Task to complete:
Your answer must be an exact transcription of the data, with every picture omitted.

Free-text object descriptions:
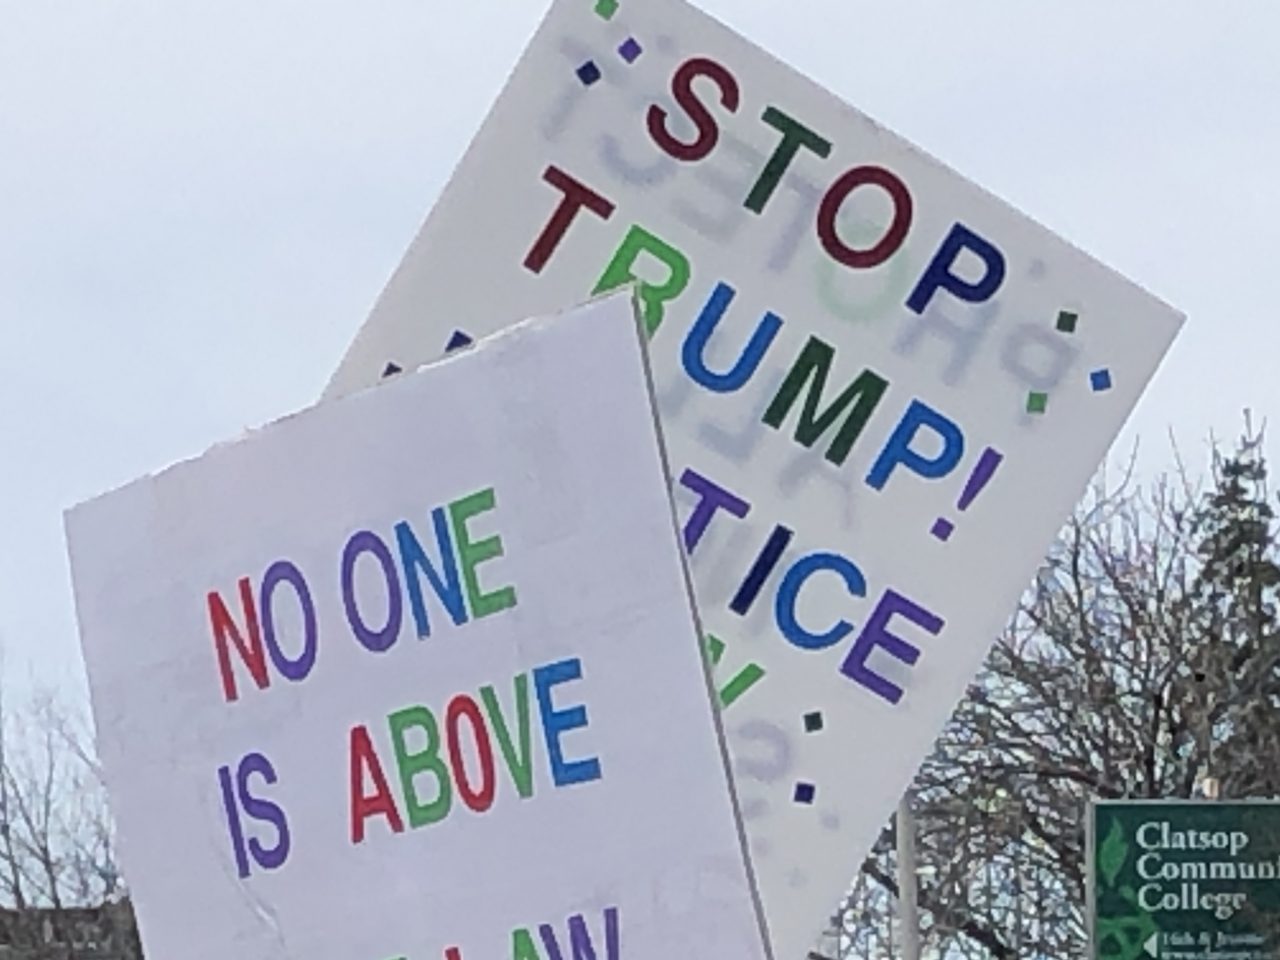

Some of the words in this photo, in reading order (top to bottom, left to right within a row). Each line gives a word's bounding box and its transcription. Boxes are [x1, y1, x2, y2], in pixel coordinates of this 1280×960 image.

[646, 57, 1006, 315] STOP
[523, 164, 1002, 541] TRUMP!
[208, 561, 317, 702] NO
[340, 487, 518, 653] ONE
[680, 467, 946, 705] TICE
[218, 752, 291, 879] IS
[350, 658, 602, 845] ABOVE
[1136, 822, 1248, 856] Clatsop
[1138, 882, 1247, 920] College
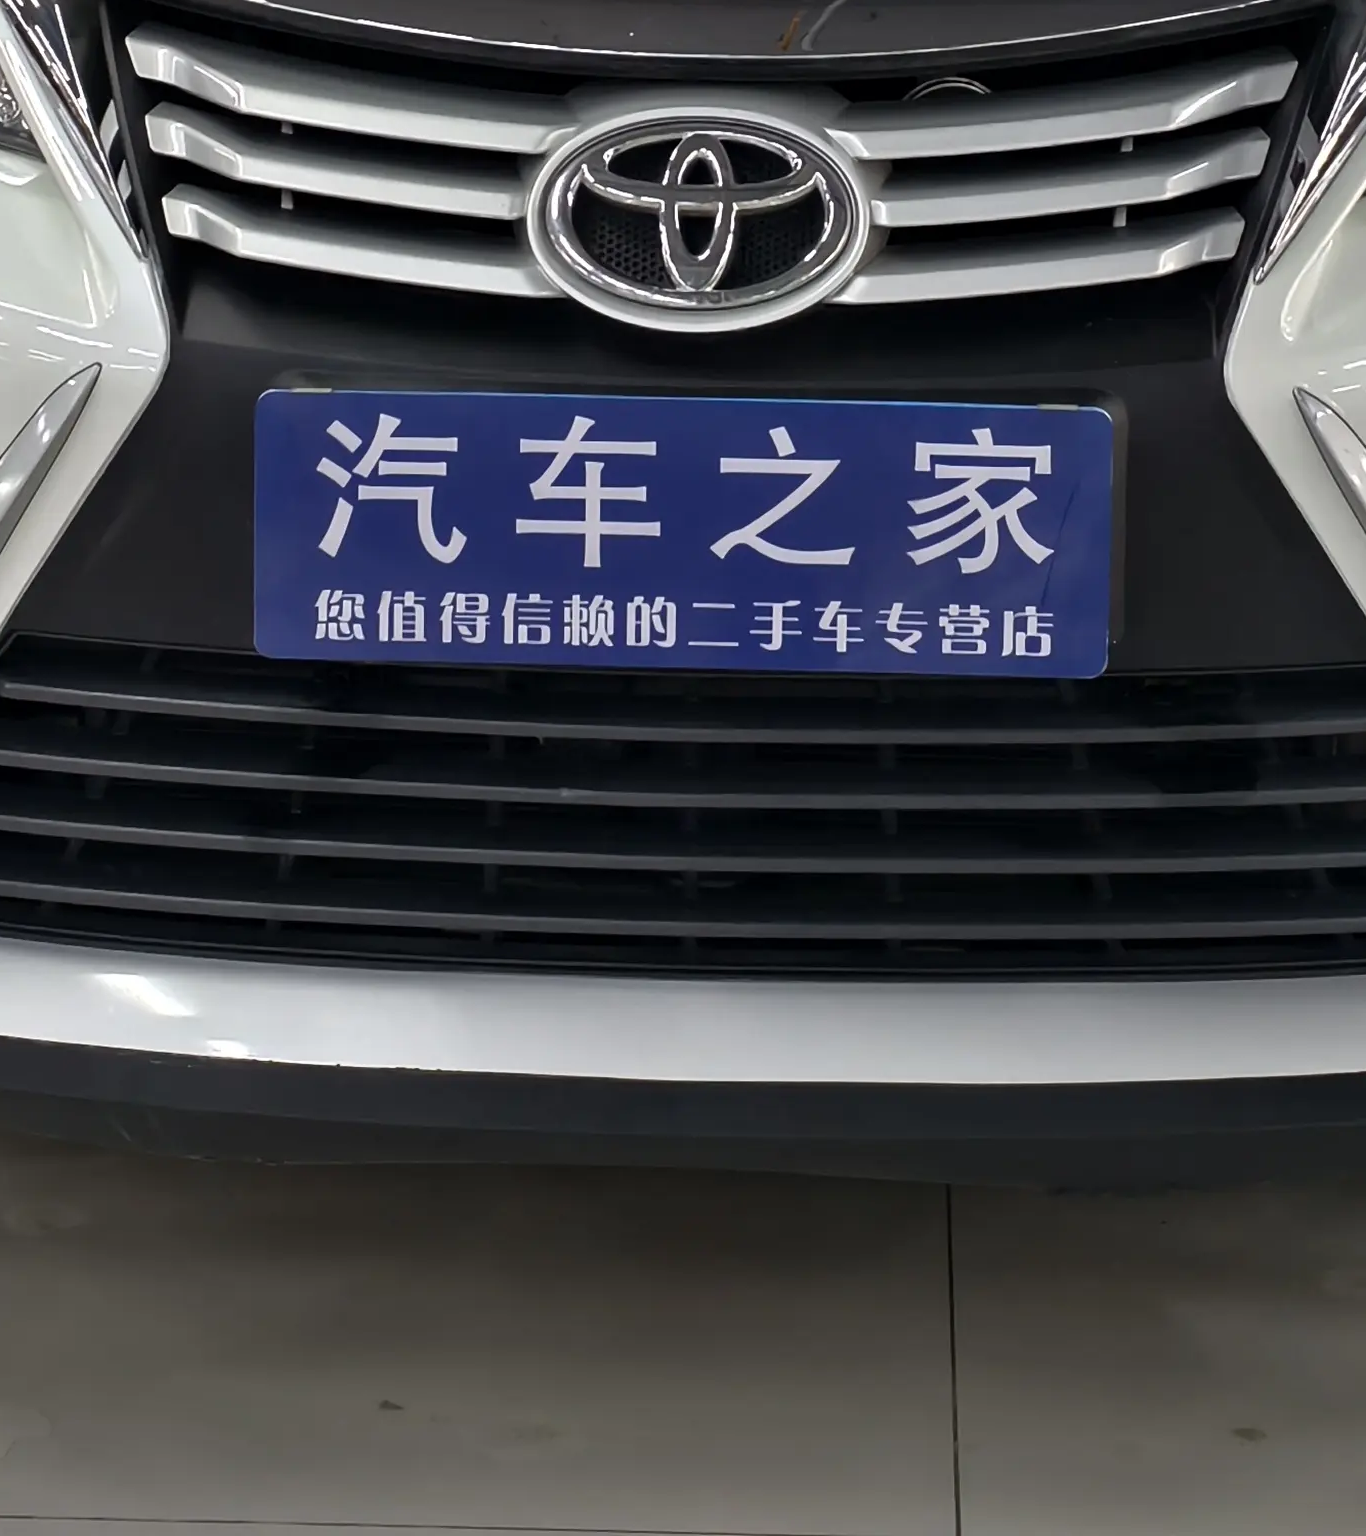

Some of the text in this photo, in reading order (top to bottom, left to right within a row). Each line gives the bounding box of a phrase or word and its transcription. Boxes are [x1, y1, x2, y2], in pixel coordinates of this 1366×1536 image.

Solution below:
Some of the words in this photo, in reading order (top to bottom, left to right within a row). Each line gives a word's bounding box and its transcription. Boxes are [x1, y1, x2, y2], in pixel coordinates of this 1280×960 image.

[646, 57, 1006, 315] STOP
[523, 164, 1002, 541] TRUMP!
[208, 561, 317, 702] NO
[340, 487, 518, 653] ONE
[680, 467, 946, 705] TICE
[218, 752, 291, 879] IS
[350, 658, 602, 845] ABOVE
[1136, 822, 1248, 856] Clatsop
[1138, 882, 1247, 920] College

Some of the text in this photo, in reading order (top to bottom, left to right within a row). Each line gives the bounding box of a phrase or word and its transcription. Boxes are [x1, y1, x2, y2], in pixel coordinates of this 1366×1536 image.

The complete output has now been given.